What is best practice for the encryption of offline application data?

I have an application where multiple users can log in. The user gets data from an internet API, where the user authenticates. I want to store some of the data, for example, a list of events (name, location, etc.) offline in a database for access with no internet connection.

My plan is to use a key generated from a PBKDF2-algorithm with the users password and store the database in the app directory identifiable by the username. I'm not storing the password, just the username as the database name for checking during login, if the login data is available at all. I will delete the data and store the new updated data when there is internet access and the user logs in again.

Is this approach dangerous, because attackers can brute force the user password on these databases? Are there any security vulnerabilities or weaknesses that I'm missing out on?

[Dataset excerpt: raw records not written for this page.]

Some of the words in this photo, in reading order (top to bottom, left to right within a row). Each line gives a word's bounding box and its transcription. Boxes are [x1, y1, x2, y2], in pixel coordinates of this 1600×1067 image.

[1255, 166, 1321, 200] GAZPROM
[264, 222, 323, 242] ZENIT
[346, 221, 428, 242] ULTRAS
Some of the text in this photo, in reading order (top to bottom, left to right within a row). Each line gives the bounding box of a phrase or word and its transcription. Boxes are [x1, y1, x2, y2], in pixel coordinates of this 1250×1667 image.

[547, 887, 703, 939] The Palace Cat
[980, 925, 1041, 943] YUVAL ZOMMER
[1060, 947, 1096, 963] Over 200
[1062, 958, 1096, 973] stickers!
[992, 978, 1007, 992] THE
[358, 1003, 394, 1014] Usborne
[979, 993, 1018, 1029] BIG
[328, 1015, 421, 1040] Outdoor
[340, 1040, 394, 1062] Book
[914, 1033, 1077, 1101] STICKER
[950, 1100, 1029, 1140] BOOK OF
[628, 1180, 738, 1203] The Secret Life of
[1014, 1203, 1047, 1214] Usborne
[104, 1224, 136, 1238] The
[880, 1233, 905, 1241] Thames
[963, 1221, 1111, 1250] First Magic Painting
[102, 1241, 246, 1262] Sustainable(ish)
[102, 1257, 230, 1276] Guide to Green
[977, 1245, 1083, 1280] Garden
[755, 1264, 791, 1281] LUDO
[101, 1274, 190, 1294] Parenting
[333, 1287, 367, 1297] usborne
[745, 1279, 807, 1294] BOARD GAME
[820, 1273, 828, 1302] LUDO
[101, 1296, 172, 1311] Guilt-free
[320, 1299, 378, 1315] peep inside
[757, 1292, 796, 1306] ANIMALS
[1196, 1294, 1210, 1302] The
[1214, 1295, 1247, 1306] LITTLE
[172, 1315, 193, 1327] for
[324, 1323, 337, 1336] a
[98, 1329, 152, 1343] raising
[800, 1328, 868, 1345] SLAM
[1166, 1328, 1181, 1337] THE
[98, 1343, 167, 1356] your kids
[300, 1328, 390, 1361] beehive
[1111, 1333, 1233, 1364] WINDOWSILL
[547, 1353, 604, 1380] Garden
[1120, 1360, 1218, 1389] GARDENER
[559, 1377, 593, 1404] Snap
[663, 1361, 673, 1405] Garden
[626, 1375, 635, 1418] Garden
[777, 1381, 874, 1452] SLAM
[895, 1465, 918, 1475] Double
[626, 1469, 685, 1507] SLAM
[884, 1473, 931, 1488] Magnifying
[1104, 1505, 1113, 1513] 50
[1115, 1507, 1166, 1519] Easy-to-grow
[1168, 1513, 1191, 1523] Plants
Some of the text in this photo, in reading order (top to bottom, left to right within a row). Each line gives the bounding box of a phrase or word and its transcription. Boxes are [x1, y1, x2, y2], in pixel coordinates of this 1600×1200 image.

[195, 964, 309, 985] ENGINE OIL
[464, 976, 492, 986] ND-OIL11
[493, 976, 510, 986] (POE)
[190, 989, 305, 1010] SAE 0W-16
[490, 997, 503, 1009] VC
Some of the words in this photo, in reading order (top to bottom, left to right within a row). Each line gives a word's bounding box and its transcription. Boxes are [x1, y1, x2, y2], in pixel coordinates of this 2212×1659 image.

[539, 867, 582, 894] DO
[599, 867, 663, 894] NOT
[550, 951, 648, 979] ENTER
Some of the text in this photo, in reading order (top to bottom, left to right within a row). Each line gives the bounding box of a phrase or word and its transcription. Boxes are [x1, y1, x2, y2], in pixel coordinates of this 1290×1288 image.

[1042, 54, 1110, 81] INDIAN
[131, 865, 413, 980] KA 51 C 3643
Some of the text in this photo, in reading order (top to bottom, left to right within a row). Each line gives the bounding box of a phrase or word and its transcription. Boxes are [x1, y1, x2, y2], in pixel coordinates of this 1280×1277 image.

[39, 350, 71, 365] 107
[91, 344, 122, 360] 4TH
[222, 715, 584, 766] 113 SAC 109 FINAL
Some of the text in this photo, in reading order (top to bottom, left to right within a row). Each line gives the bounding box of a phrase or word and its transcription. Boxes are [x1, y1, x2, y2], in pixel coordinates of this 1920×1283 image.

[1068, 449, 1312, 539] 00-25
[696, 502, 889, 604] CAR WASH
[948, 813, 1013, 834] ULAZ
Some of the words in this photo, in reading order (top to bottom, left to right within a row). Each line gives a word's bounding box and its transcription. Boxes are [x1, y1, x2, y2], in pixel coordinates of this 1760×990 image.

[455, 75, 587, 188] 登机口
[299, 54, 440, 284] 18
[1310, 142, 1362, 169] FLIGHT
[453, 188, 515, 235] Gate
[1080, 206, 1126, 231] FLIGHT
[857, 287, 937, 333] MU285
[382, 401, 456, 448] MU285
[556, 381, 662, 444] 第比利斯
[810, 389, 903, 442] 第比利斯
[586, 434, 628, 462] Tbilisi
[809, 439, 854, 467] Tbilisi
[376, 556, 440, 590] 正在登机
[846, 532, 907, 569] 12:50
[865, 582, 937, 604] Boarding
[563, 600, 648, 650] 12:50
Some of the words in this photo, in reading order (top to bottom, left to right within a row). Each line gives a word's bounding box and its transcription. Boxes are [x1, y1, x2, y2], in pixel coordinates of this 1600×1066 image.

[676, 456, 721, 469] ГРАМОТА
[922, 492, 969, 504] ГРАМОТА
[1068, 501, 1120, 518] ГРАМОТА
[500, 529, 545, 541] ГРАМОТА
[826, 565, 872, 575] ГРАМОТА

Implementation notes: The programming language is Dart (in combination with the flutter framework) and the platforms are iOS and Android. The database will be a hive, which uses AES-256 encryption.


1 Answer 1


Use secure enclave for iOS or similar hardware-backed keystore for Android to store the encryption key.

Even if an attacker gets access to the device RAM or disk storage, it is impossible to extract such keys/secrets.

If the attacker obtains the encrypted data, the only way to decrypt them is brute-forcing, which, with proper encryption algorithm and password, is impossible.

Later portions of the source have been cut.